If you intend to eventually delete all snapshots, then deleting from
the top tends to minimise total disk IO.
If you intend to leave some snapshots (as you do), then delete from
the bottom up towards those you will keep.

Deleting the topmost snapshot (so I understand) is a 'backwards merge'
: the topmost differencing disk is merged into the base hard disk.
Deleting a snapshot other than the topmost is a 'forwards merge' : the
differencing disk is merged into the following differencing disk
(which might be for the "Current State").

A post here: https://forums.virtualbox.org/viewtopic.php?p=29269, has
some information.
The description there is still accurate, but, terminology has changed
a bit (now "Delete" rather than the older "Discard").

An example, imagine 4 snapshots.
There will be 5 VDI files:, the main base VDI, which is frozen
(readonly) and represents snapshot T (top). Then 3 differencing VDIs
for snapshots M1, M2 and M3 (middle).  Then a final differencing VDI
for the "Current State".
You intend to delete the two middle snapshots, leaving the last (M3)
and the first (T).
Suppose Then 3 differencing VDIs for snapshots M1, M2 and M3 are each
1GB in size.
If snapshot M1 is deleted first, its 1GB differencing disk is forward
merged into that for snapshot M2, giving 1GB of data processed, and
snapshot M2 is now 2GB.
Repeat by deleting snapshot M2, and its 2GB is merged forward into snapshot M3.
Total data merged forward 3GB.  Each merge forward has to re-handle
the data carried from the previous snapshots. In a chain of snapshots,
the data from the (other than very very top-most) top snapshots is
repeatedly re-copied forward, duplicating effort.

If instead snapshot M2 is deleted first, its 1GB is merged into M3,
then M1 is merged forward into M3.
Total data merged forwards 2GB.  No double handling.

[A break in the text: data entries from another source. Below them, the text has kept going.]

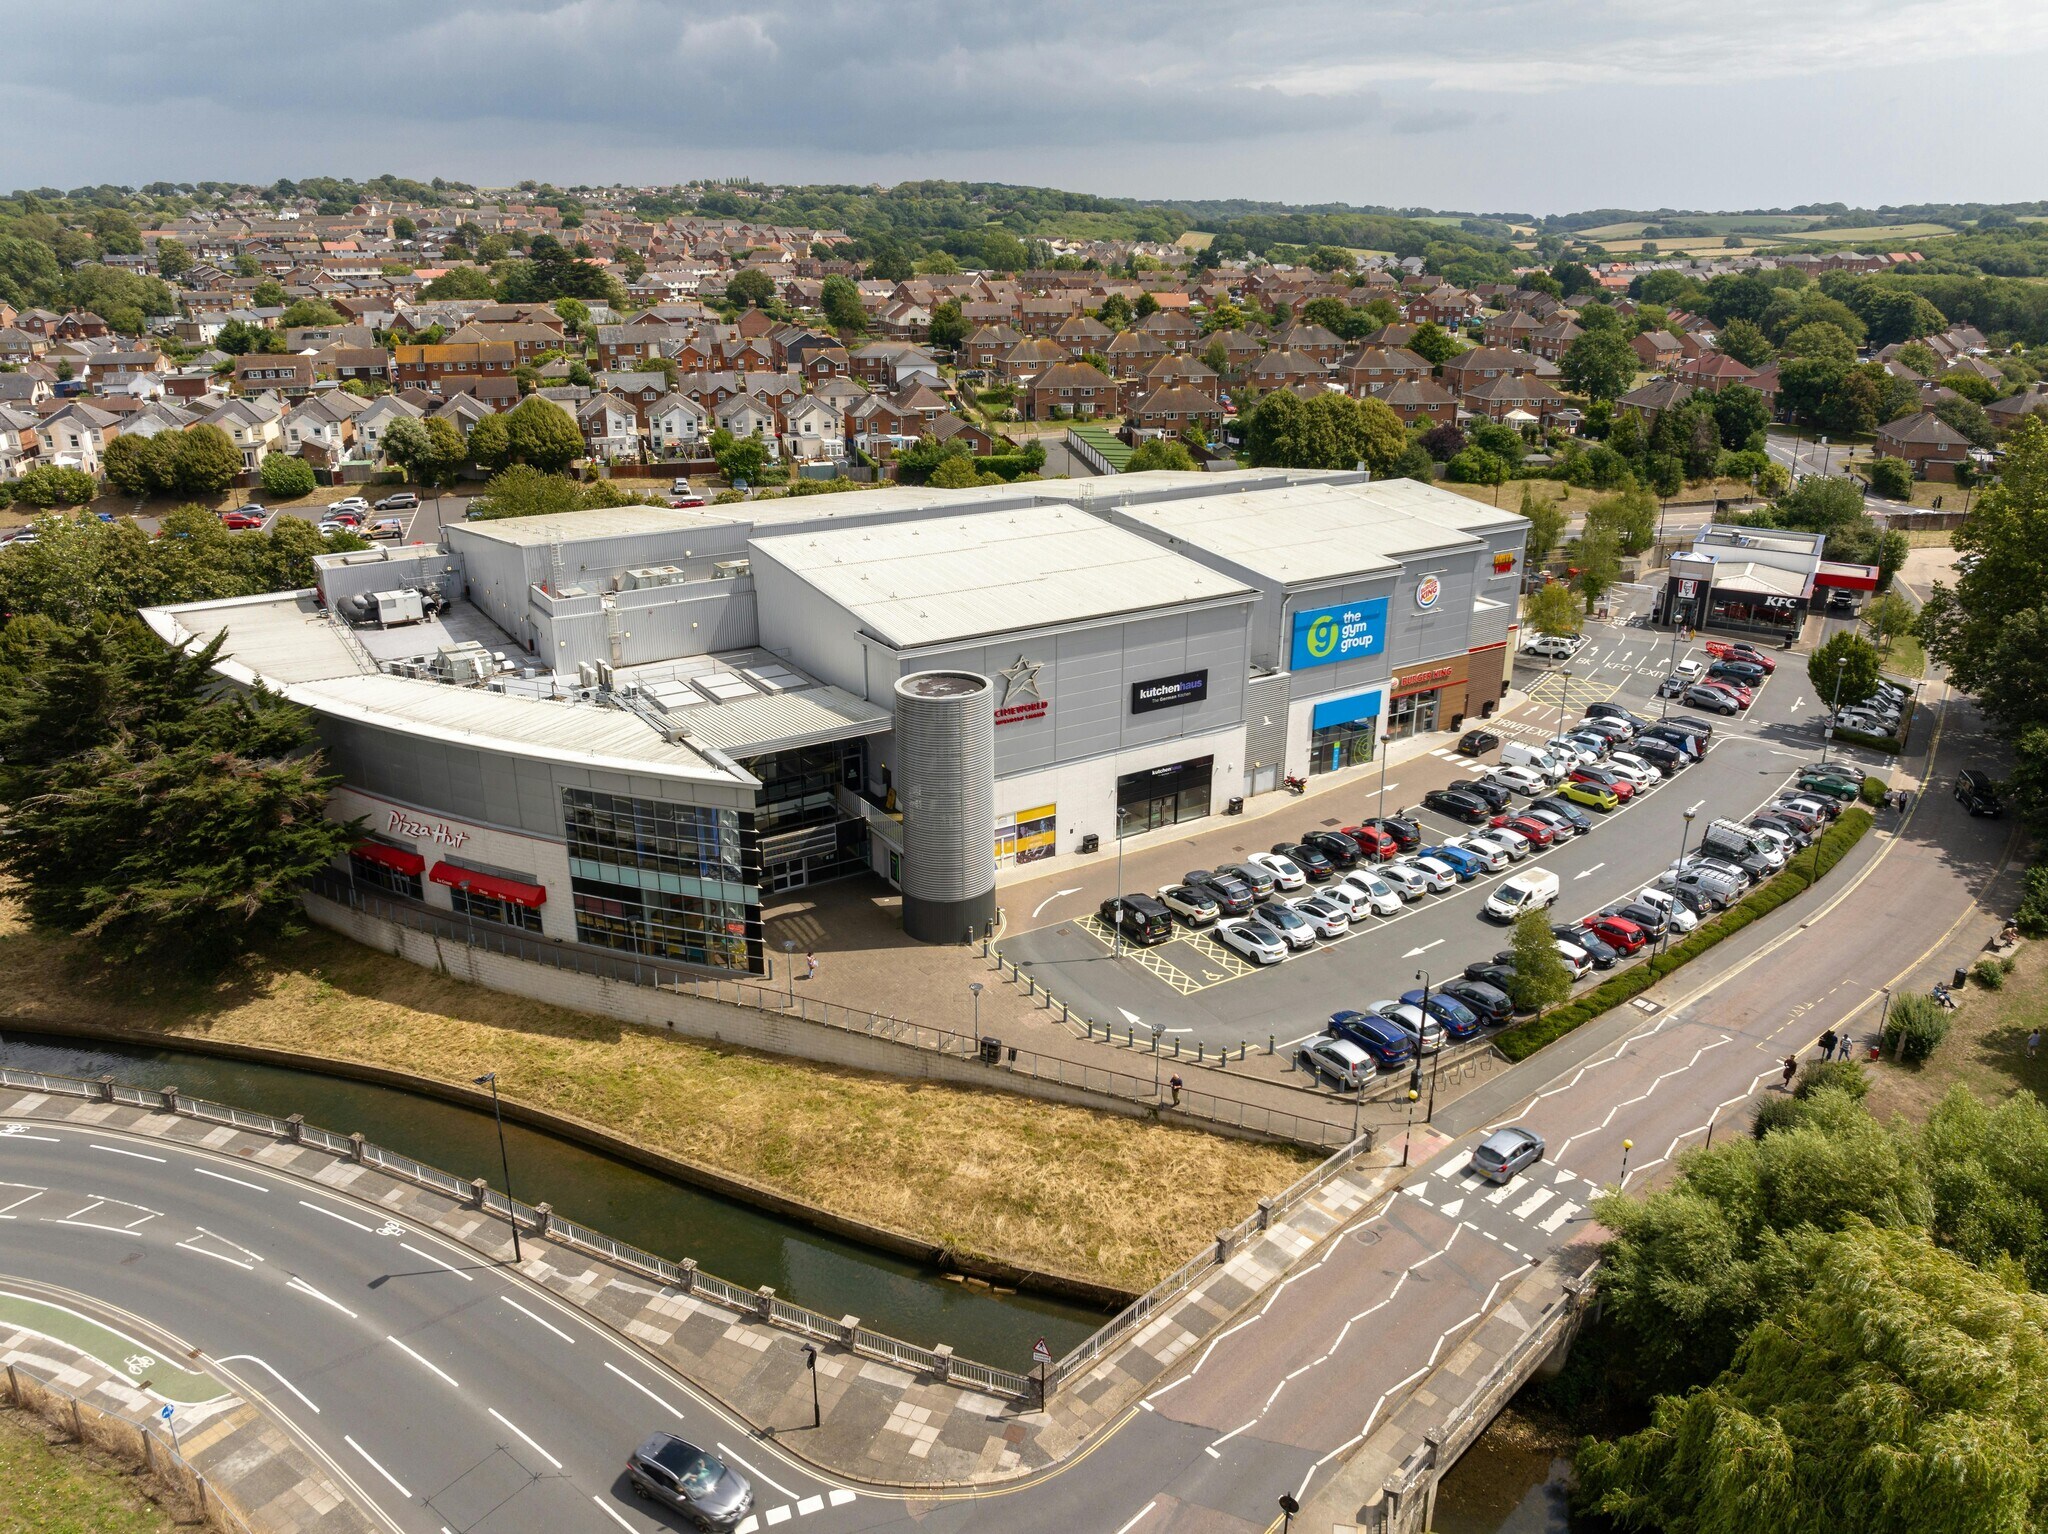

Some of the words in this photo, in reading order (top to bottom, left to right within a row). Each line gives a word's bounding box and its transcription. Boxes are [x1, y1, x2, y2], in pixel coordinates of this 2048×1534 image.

[1420, 586, 1437, 600] KING
[1764, 596, 1797, 608] KFC
[1343, 611, 1361, 623] the
[1342, 622, 1367, 638] gym
[1341, 635, 1373, 653] group
[1575, 657, 1595, 666] BK
[1604, 662, 1632, 672] KFC
[1402, 671, 1432, 686] BURGER
[1432, 667, 1453, 679] KING
[1637, 667, 1668, 678] EXIT
[994, 701, 1048, 717] CINEWORLD
[1491, 718, 1527, 732] DRIVE
[1525, 726, 1557, 738] EXIT
[387, 810, 433, 838] Pizza
[431, 823, 470, 848] Hut
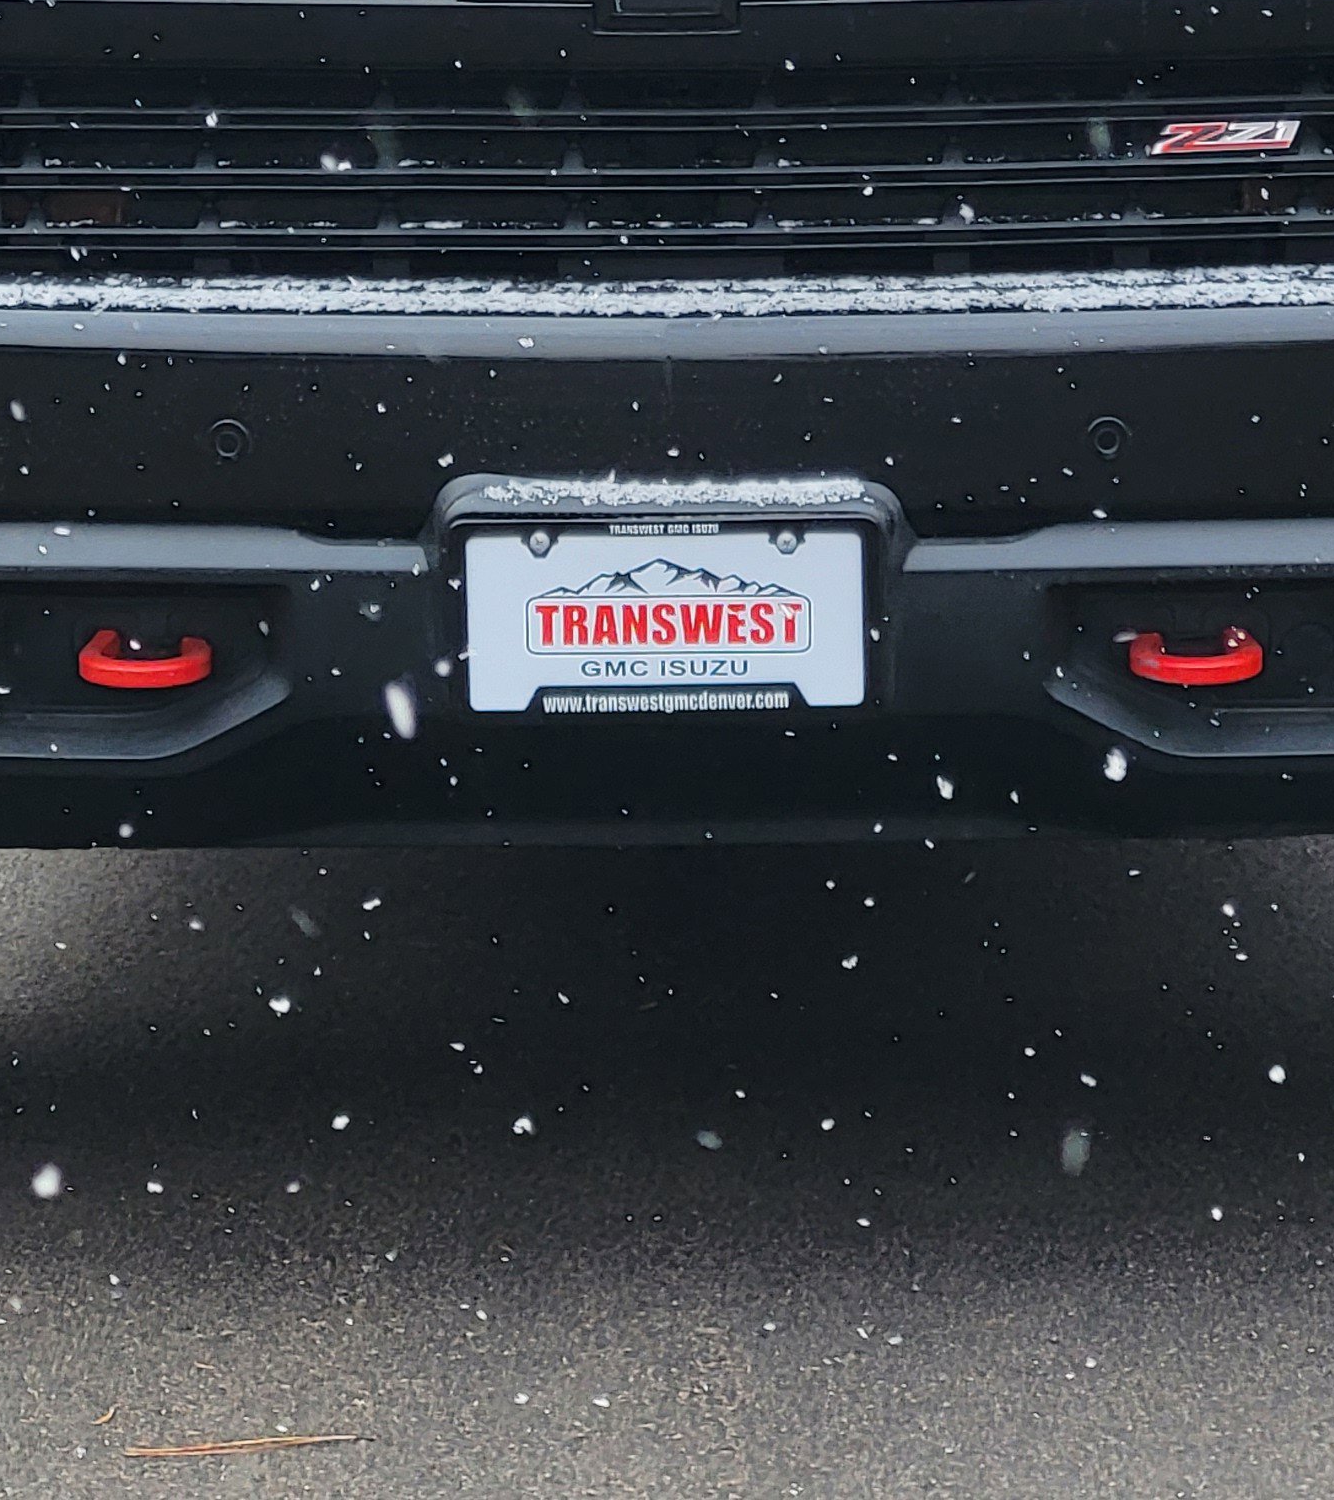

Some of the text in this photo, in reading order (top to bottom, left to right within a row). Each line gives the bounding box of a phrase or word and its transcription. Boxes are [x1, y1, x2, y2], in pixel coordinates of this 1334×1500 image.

(At least that is the theory, if I have it right.)

At all times make sure you have free space on the host drive.
If you run out of space during a snapshot delete, likely bad things
will happen to your VM!
I recommend as much free space as the total of the base VDI and the
differencing VDIs at all times (check before each snapshot delete).

> Moreover, I would just as soon remove as many as I can at one
> time, if possible, using the “vboxmanage.exe” tool.

They can only be dealt with one at a time, AFAIK.